Heibon Punch was a major platform for gravure idol photography in Japan. The magazine's most famous publication was the "Apple Nude" (林檎ヌード) — a photograph of model Nami Asada taken by photographer Yoichi Aoyagi on December 24, 1972, in which Nami Asada posed with an apple as a workaround for Japan's obscenity laws prohibiting the display of pubic hair. Published in the March 12, 1973 issue, the image became one of the most iconic photographs in Japanese publishing history. The issue sold over one million copies and was immediately reprinted, with the image released as a standalone poster.

Yoichi Aoyagi shot Nami Asada exclusively for Heibon Punch for five years (1973–1978), producing over 10,000 negatives. Nami Asada's photographs appeared exclusively in the magazine for the duration of her active career (1973–1978). The collaboration has been described as one of the most significant photographer-model partnerships in Japanese publishing.

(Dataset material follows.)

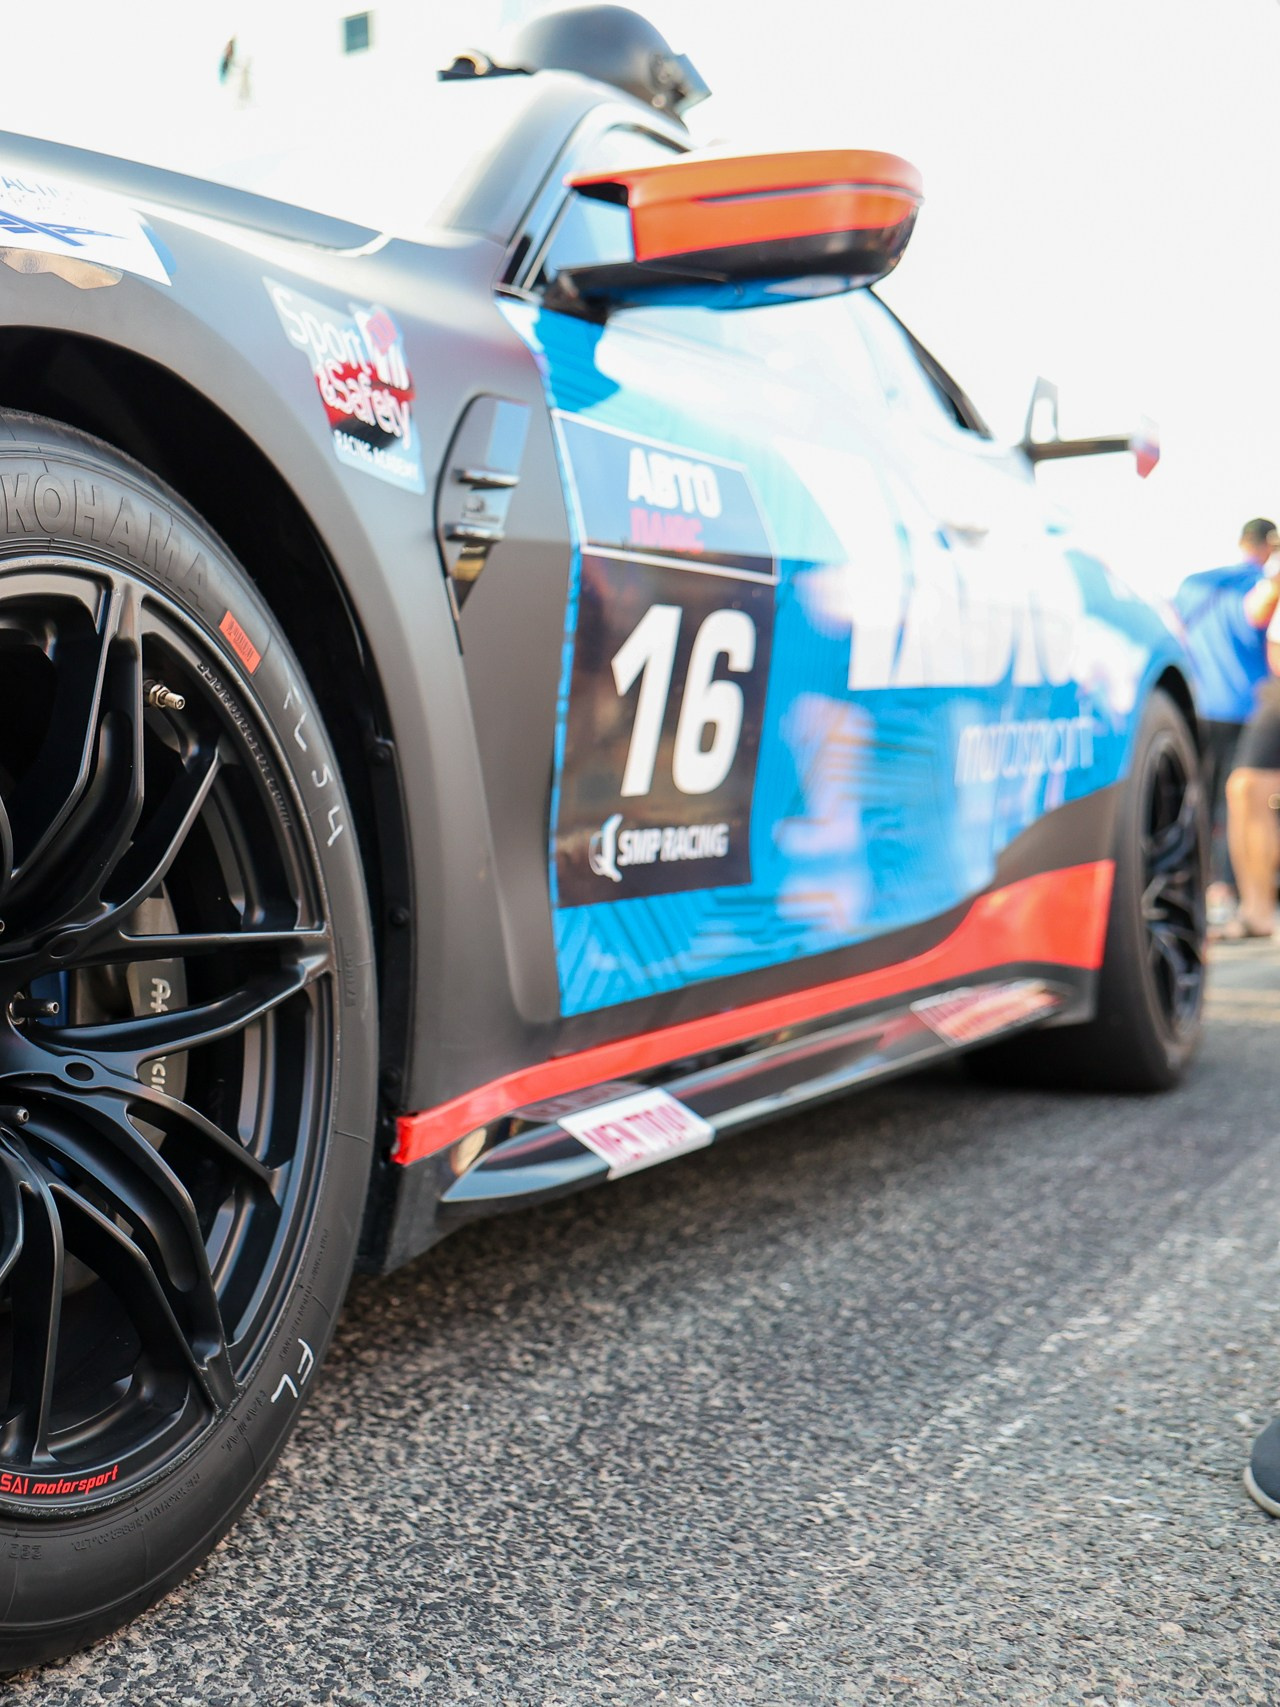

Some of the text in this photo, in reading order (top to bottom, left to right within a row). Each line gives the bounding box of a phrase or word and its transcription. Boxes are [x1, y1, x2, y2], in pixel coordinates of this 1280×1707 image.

== Notable contributors ==
Some of Heibon Punchs collaborators were Yukio Mishima, Toshio Saeki, and Kyoko Okazaki.

== Related publications ==
Other magazines by the same publisher were Monthly Heibon Punch, the general weekly magazine Weekly Heibon, and the spin-off Heibon Punch for Girls (precursor to an an).

=== Pocket Punch Oh! ===

A spin-off of Heibon Punch in a smaller, pocket-book (bunkobon) format, Pocket Punch Oh! (ポケットパンチOh!) was a monthly men's magazine launched by Heibon Publishing on 1 June 1968, part of the wave of small-format (shinshoban) magazines that emerged in Japan in the late 1960s. The National Diet Library records the title as running from 1968 to 1976 at a monthly frequency, noting that it was retitled to simply "Pocket Punch" (ポケットパンチ) during its run. Like its parent, it carried gravure photography and serialized fiction and features aimed at young men; surviving copies show cover appearances by entertainers such as Linda Yamamoto, Yumi Kao, Momoe Yamaguchi, and Nagisa Katahira, as well as a serial by Yukio Mishima and color pages of Akihiro Miwa (then billed as Maruyama Akira).